Né le 23 octobre 1860 à Montaigu (Vendée) – Serrurier – Nantes (Loire Atlantique). Anarchiste itinérant dans la région Ouest.

Dans le courant du mois d’octobre 1892, plusieurs réunions furent organisées à St Nazaire et à Trignac (Loire Atlantique), pour permettre aux délégués ouvriers, qui s’étaient rendus au Congrès de Marseille, de rendre compte de leur mandat.
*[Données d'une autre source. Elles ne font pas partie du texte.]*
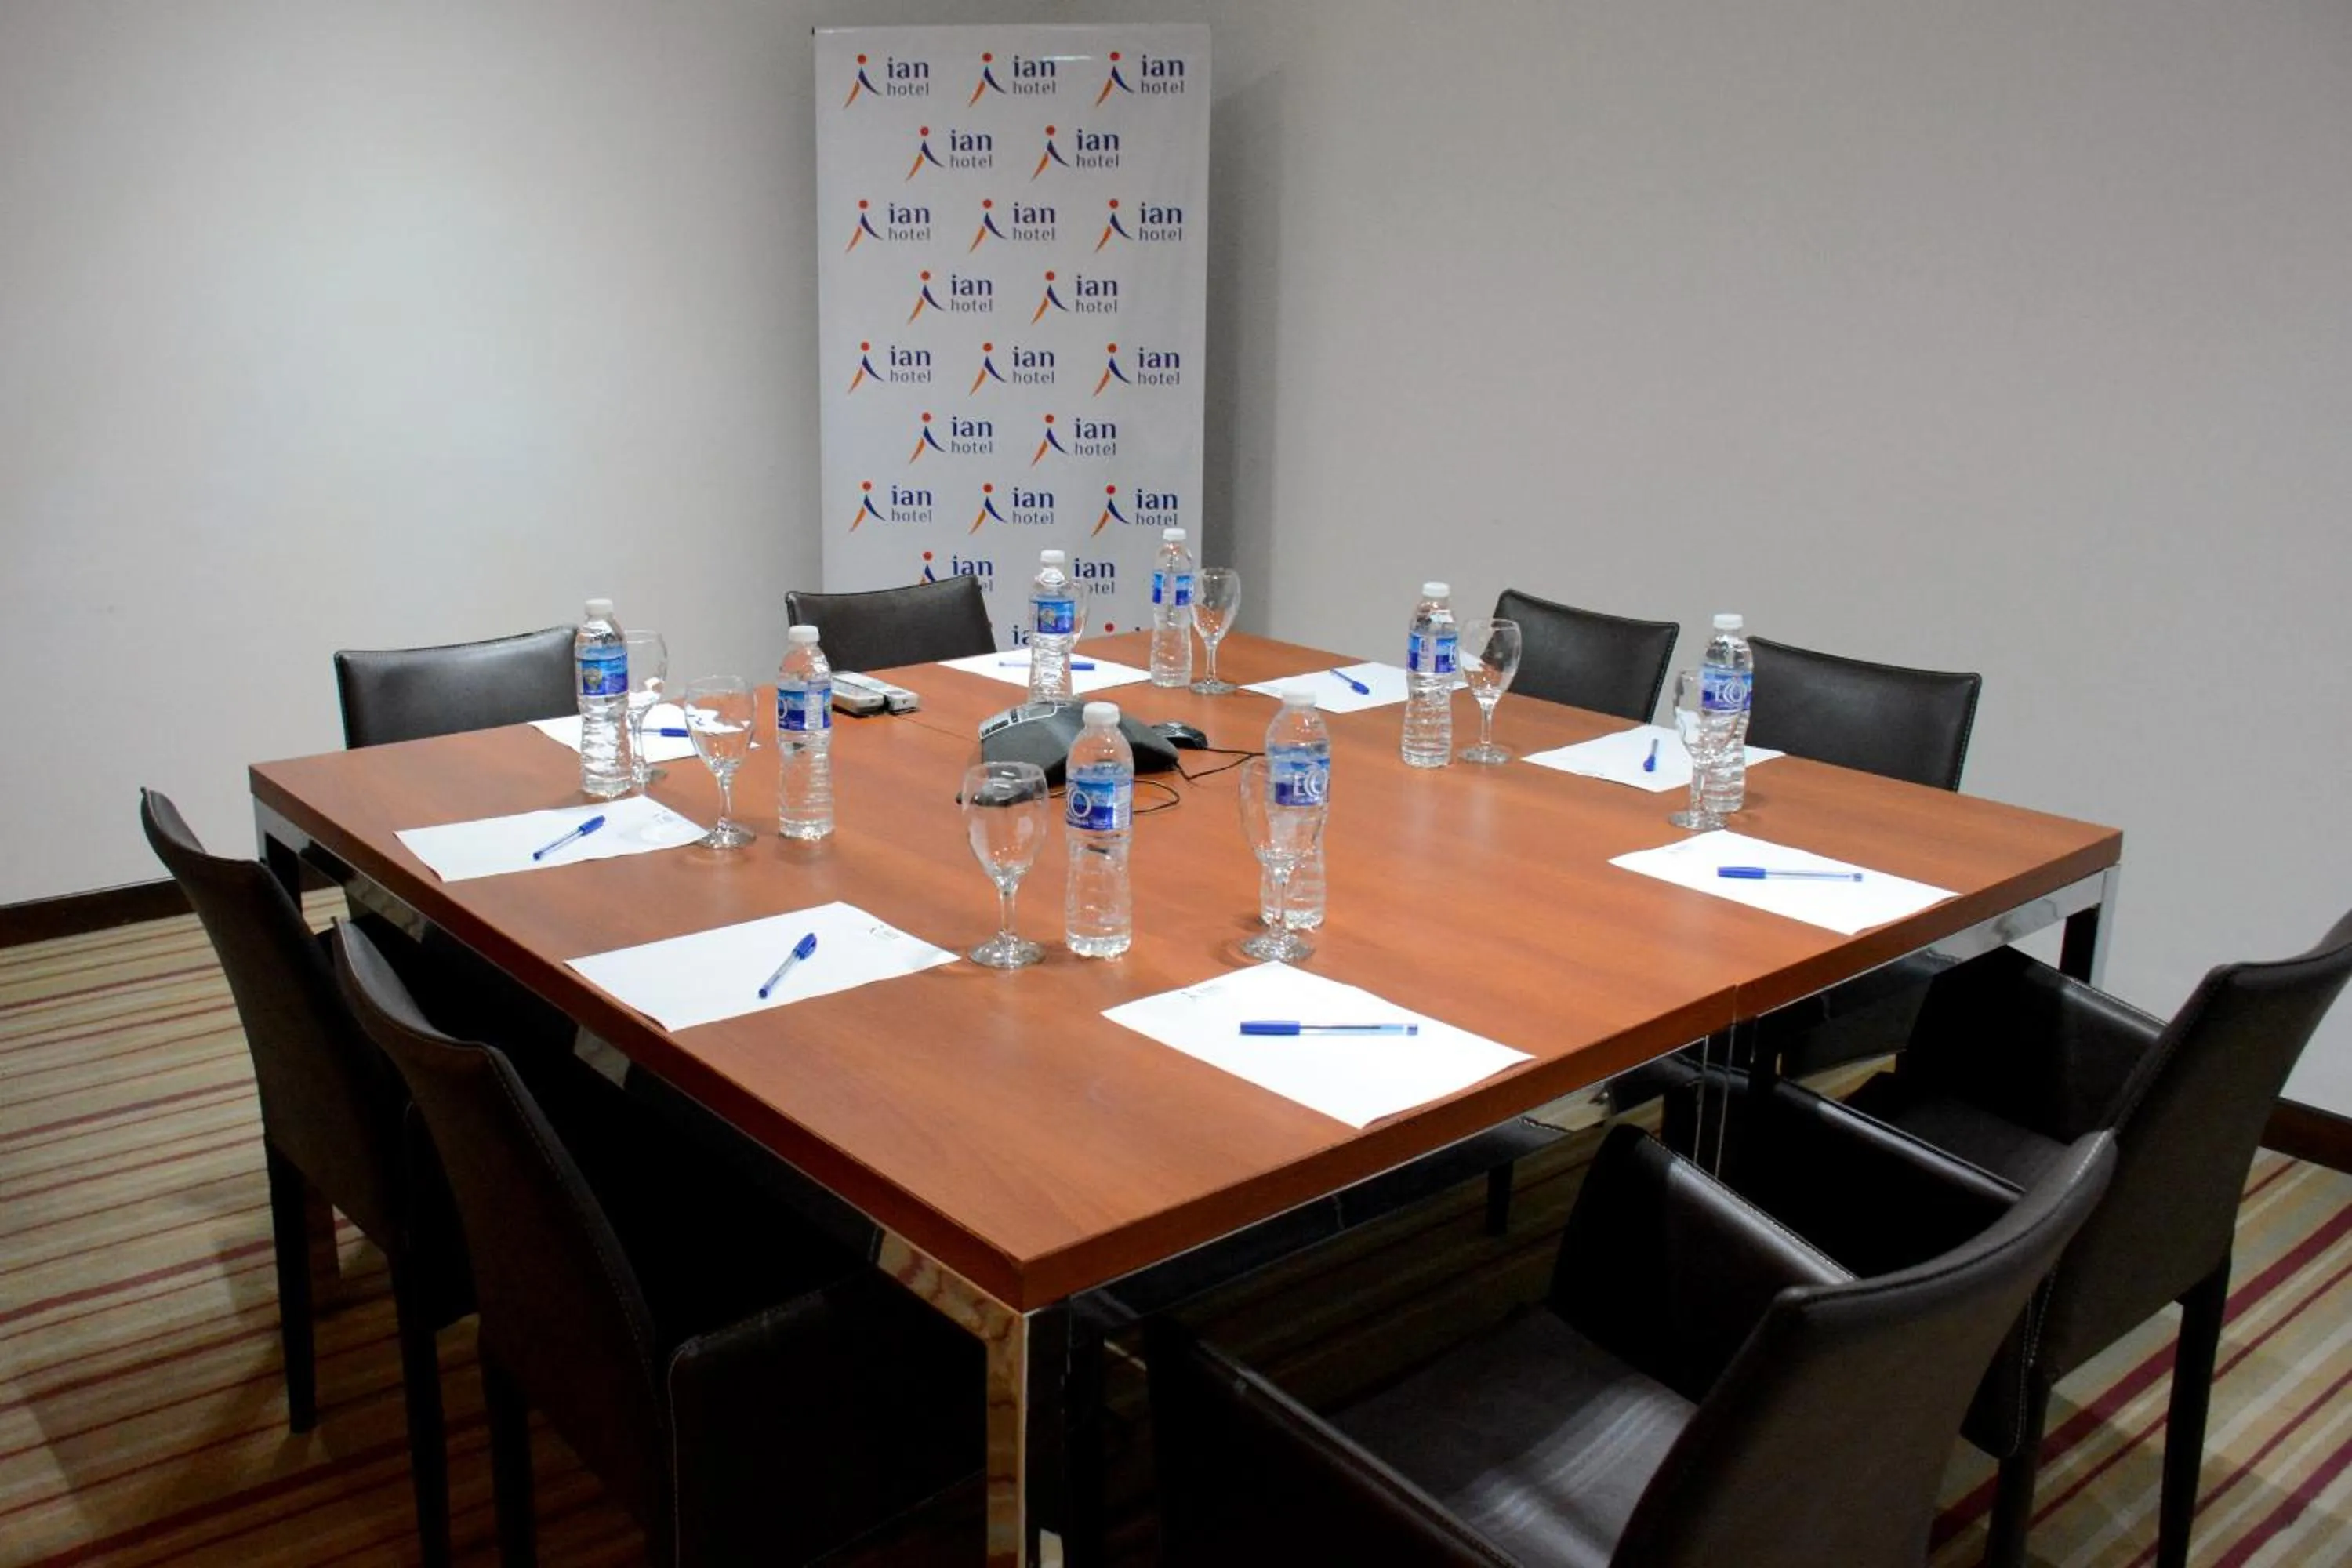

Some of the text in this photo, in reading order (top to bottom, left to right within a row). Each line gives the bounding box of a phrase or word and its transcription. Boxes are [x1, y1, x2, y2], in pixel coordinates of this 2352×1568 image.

A la réunion publique du 23 octobre, tenue à Montoir (Loire Atlantique), un jardinier qui se donnait le nom de Souvarine, demanda la parole. Il en profita pour prononcer un discours des plus violents, préconisant la propagande par le fait, excitant ses auditeurs au vol et à l’assassinat : « Ceux qui travaillent ont le droit de vol et de révolte, même par le crime. On doit prendre les subsistances où elles se trouvent. Il n’y a pas de vol ; les voleurs sont les riches et non nous. ». Souvarine n’était autre que Borda.
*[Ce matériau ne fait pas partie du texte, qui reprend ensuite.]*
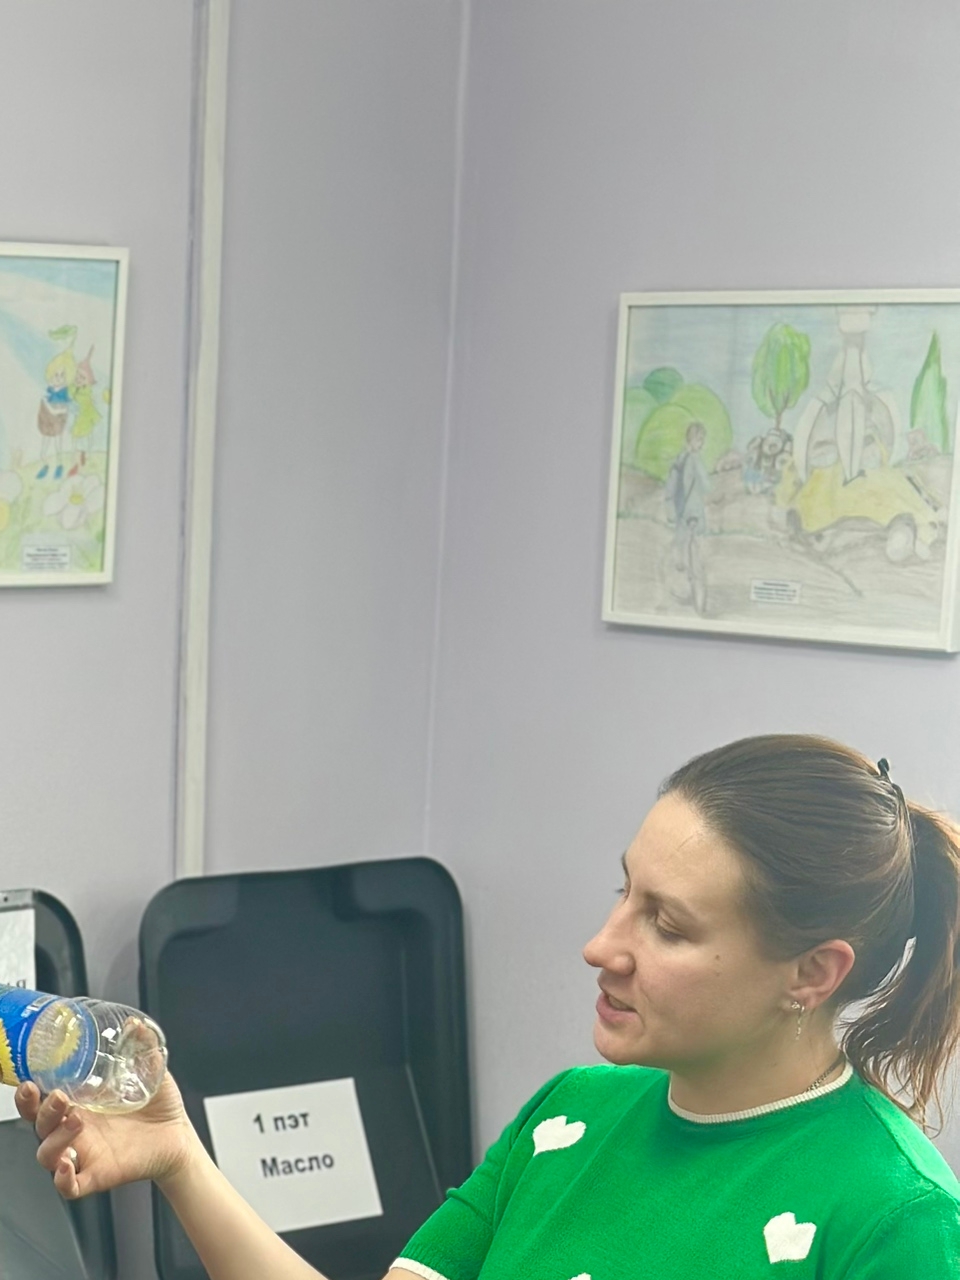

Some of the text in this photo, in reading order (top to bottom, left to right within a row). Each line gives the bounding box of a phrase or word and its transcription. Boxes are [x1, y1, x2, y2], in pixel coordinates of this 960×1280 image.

[253, 1112, 309, 1134] 1 пэт
[260, 1153, 335, 1179] Масло
Le 1er novembre 1892, il était arrêté sous l’inculpation d’avoir prononcé des discours provoquant au pillage et au meurtre.
Emprisonné à Nantes à l’automne 1892, Eugène Borda avait été condamné le 22 novembre 1892 à 6 mois de prison pour « vagabondage ». Il fit devant le tribunal un assez long exposé des doctrines anarchistes et déclara que son arrestation était illégale. Il fut acquitté en appel à Rennes, fin 1892.
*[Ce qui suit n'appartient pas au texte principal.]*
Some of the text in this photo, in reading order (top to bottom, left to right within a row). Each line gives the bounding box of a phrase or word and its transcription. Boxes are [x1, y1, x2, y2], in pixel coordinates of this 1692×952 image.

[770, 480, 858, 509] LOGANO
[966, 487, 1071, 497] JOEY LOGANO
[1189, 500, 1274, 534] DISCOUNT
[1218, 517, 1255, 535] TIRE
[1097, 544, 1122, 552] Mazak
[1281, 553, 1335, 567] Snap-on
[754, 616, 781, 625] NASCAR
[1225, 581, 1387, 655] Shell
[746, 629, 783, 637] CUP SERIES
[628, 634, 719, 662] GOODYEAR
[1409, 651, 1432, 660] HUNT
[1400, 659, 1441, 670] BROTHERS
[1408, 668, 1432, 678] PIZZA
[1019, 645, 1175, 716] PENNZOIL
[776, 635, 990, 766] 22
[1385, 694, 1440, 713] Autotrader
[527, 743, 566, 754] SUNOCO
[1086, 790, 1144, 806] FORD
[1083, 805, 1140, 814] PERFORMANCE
Suite à une lettre qu’il avait adressée au Procureur après son acquittement, il fut arrêté à Angers et condamné deux fois : dans cette ville, puis à Nantes le 7 mars 1893 à 4 mois de prison. Emprisonné début 1893 pour « insultes à magistrat » il était à la maison centrale de Fontevrault.
La cour d’assises de Loire-Inférieure le condamna le 18 mars 1893, à deux ans de prison et 3.000 francs d’amende pour les propos tenus le 23 octobre 1892 à Montoir.
Il avait subi une dizaine de condamnations pour vol, rébellion et vagabondage.
Il parcourait habituellement les départements de l’Ouest et se rendait quelques fois à Paris.
Eugène Borda figurait dans les années 1900 sur une liste des anarchistes du Maine et Loire où il était signalé comme ayant « une certaine influence parmi les anarchistes ».

SOURCES : AD Maine et Loire 4M6/40 — Notes de Laurent Beaumont — Le Père Peinard, année 1892, 26 février 1893 — Arc. Nat. F7/12504, F7/12507, BB18/6449 — L’Union bretonne 18, 23 novembre 1892, du 19 mars 1893. — La Sociale 1er septembre 1895 — BOUHEY Vivien. Les anarchistes contre la République de 1880 à 1914. Annexe 52 : les anarchistes de la Loire-Inférieure.